7 February 2006 External T.I. 2005-0122381E5 F - Consequential assessment -- translation

By services, 28 October, 2021

7 February 2006 External T.I. 2005-0122381E5 F - Consequential assessment

Principal Issues: In a situation where a taxpayer requests in writing the carry forward of a loss to a statute barred taxation year, whether the Minister must reassess the tax payable by the taxpayer for the statute barred taxation year pursuant to ss 152(4.3).

Position: Yes.

Reasons: The law.

XXXXXXXXXX

February 7, 2006

Dear Sir,

Subject: Subsections 152(4.3) and 165(1.11) of the Income Tax Act

This is in response to your letter of March 6, 2005, requesting our comments on the application of subsections 152(4.3) and 165(1.11) of the Income Tax Act in the situation described below.
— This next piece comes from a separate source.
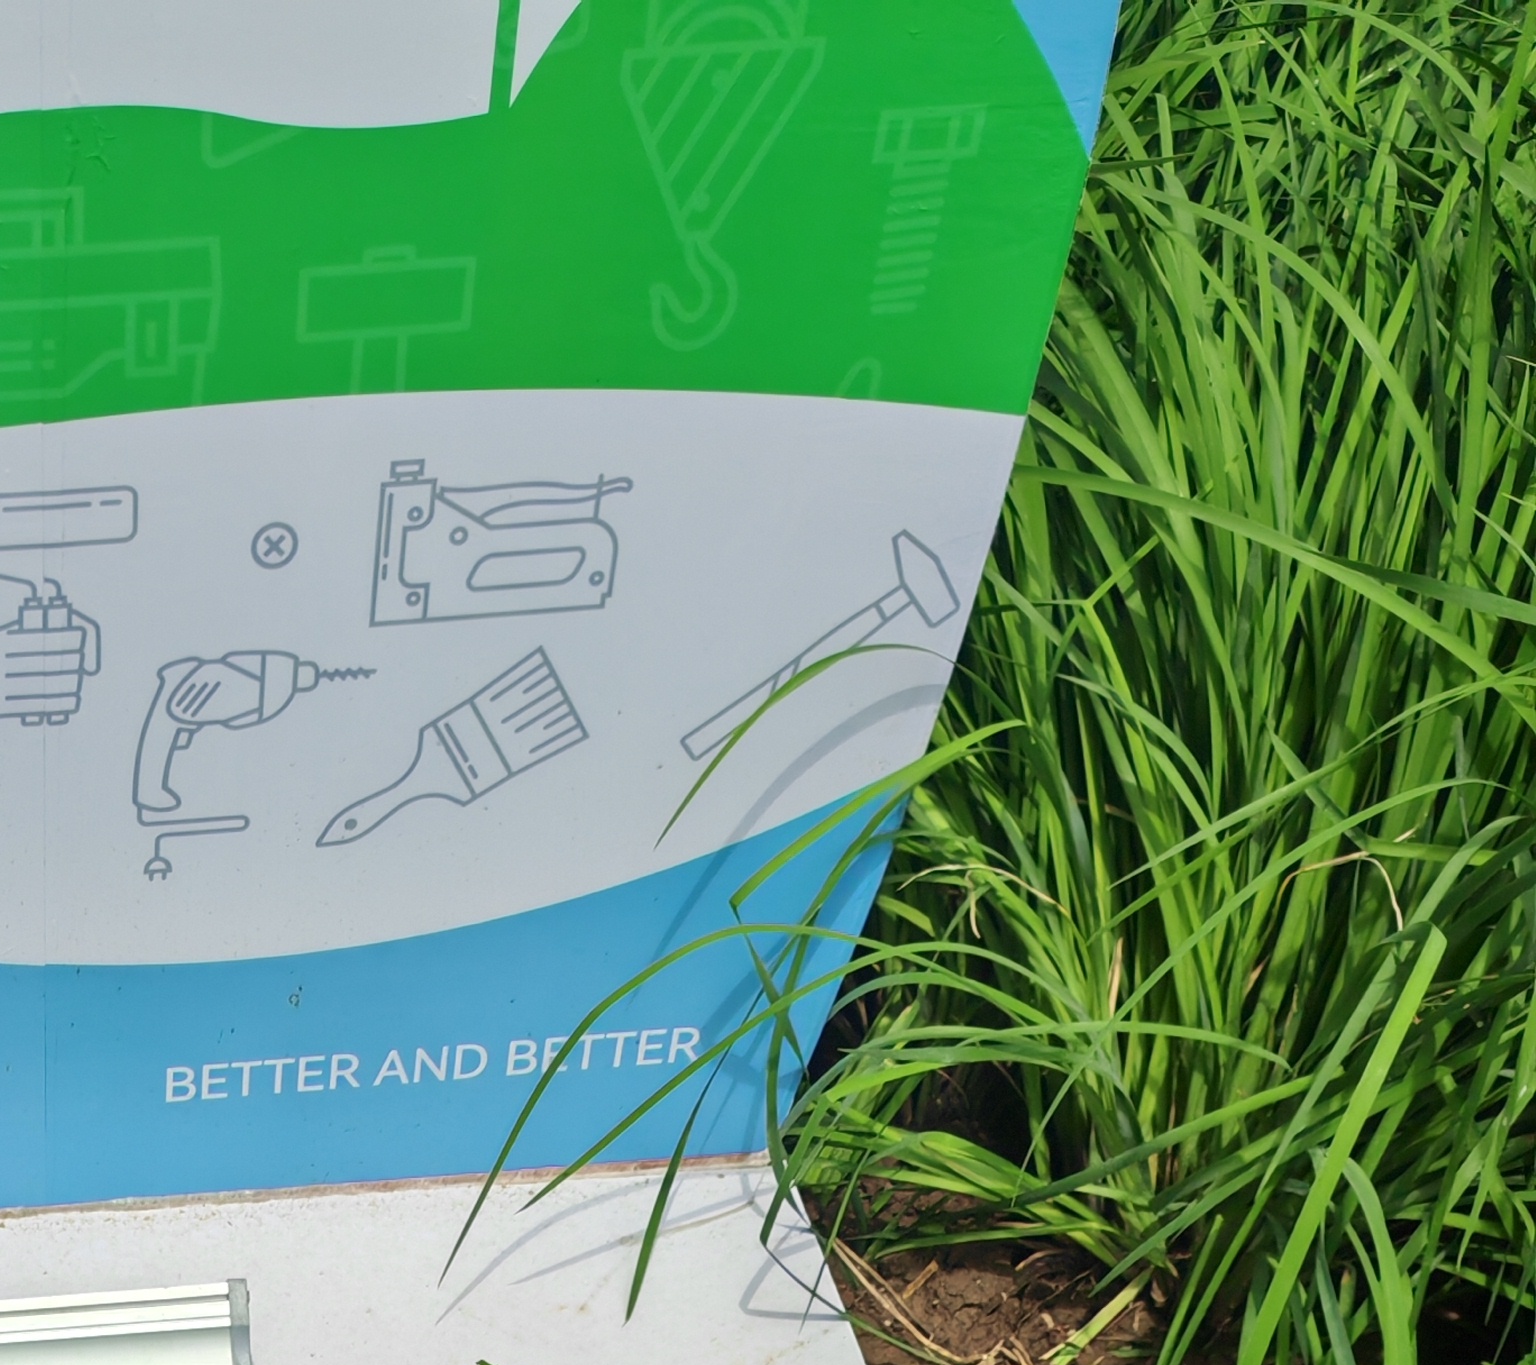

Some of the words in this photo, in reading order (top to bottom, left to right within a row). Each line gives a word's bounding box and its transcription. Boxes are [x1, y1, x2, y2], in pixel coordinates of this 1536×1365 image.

We apologize for the delay in responding to your request.

Unless otherwise indicated, all statutory references herein are to provisions of the Income Tax Act.

The Situation

  • Corporation is a "taxable Canadian corporation", as defined in subsection 89(1), and a "large corporation", as defined in subsection 225.1(8), for the purposes of, inter alia, the application of subsection 165(1.11) relating to the contents of a Notice of Objection filed by such a corporation.
  • Corporation filed its income tax return for taxation year 1 ("Year 1") in which Corporation reported a loss for Year 1 and the Canada Revenue Agency ("CRA") issued a notice to Corporation that no tax was payable by Corporation for Year 1.
  • Thereafter, Corporation requested that the CRA make a determination in respect of the amount of its loss for Year 1, to which the CRA responded by sending Corporation a notice of determination pursuant to subsection 152(1.1) confirming the denial of Corporation's loss for Year 1 ("Determined Amount # 1 for Year 1")
  • Corporation filed a Notice of Objection pursuant to subsections 152(1.2) and 165(1), in the manner provided for in subsection 165(2), in respect of Determined Amount #1 for Year 1 (or Corporation filed an appeal to the Tax Court of Canada pursuant to subsection 169(1) to set aside the determination confirmed by the Appeals Division of the CRA pursuant to subsection 165(3).)
  • At a Particular Time in Year 1+X, the Notice of Objection filed by the Corporation in respect of Determined Amount #1 for Year 1 was allowed (or its appeal was allowed by the Tax Court of Canada) (the "Particular Time"). The Appeals Division of the CRA therefore made a redetermination in respect of the amount of the Corporation's loss for Year 1, pursuant to of subsection 165(3), which confirmed that the amount of the Corporation's loss for Year 1 was as reported by the Corporation ("Determined Amount # 2 for Year 1").
  • Corporation has never used its Year 1 loss (a non-capital loss as defined in subsection 111(8)).
  • The Determined Amount #2 for Year 1 cannot be carried forward to Year 1+X because the carryforward period in paragraph 111(1)(a) does not permit it (or because the Corporation has no taxable income for Year 1+X).
  • In Year 1+2 (which is prior to Year 1+X), the Corporation had taxable income against which it could carry forward Determined Amount #2 for Year 1. At the Particular Time, the normal reassessment period applicable to the Corporation for Year 1+2 pursuant to subsection 152(3.1) had expired and the Corporation had not filed with the Minister a waiver in respect of that year pursuant to subparagraph 152(4)(a)(ii).
  • In Year 1+5 (which is prior to Year l+X), the Corporation had taxable income against which it could carry forward the Determined Amount # 2 for Year 1. At the Particular Time, the normal reassessment period applicable to the Corporation for Year 1+5 pursuant to subsection 152(3.1) had not expired, but the Corporation may no longer object to the assessment of its tax payable for Year 1+5, as the time for filing a Notice of Objection in respect of such assessment has expired.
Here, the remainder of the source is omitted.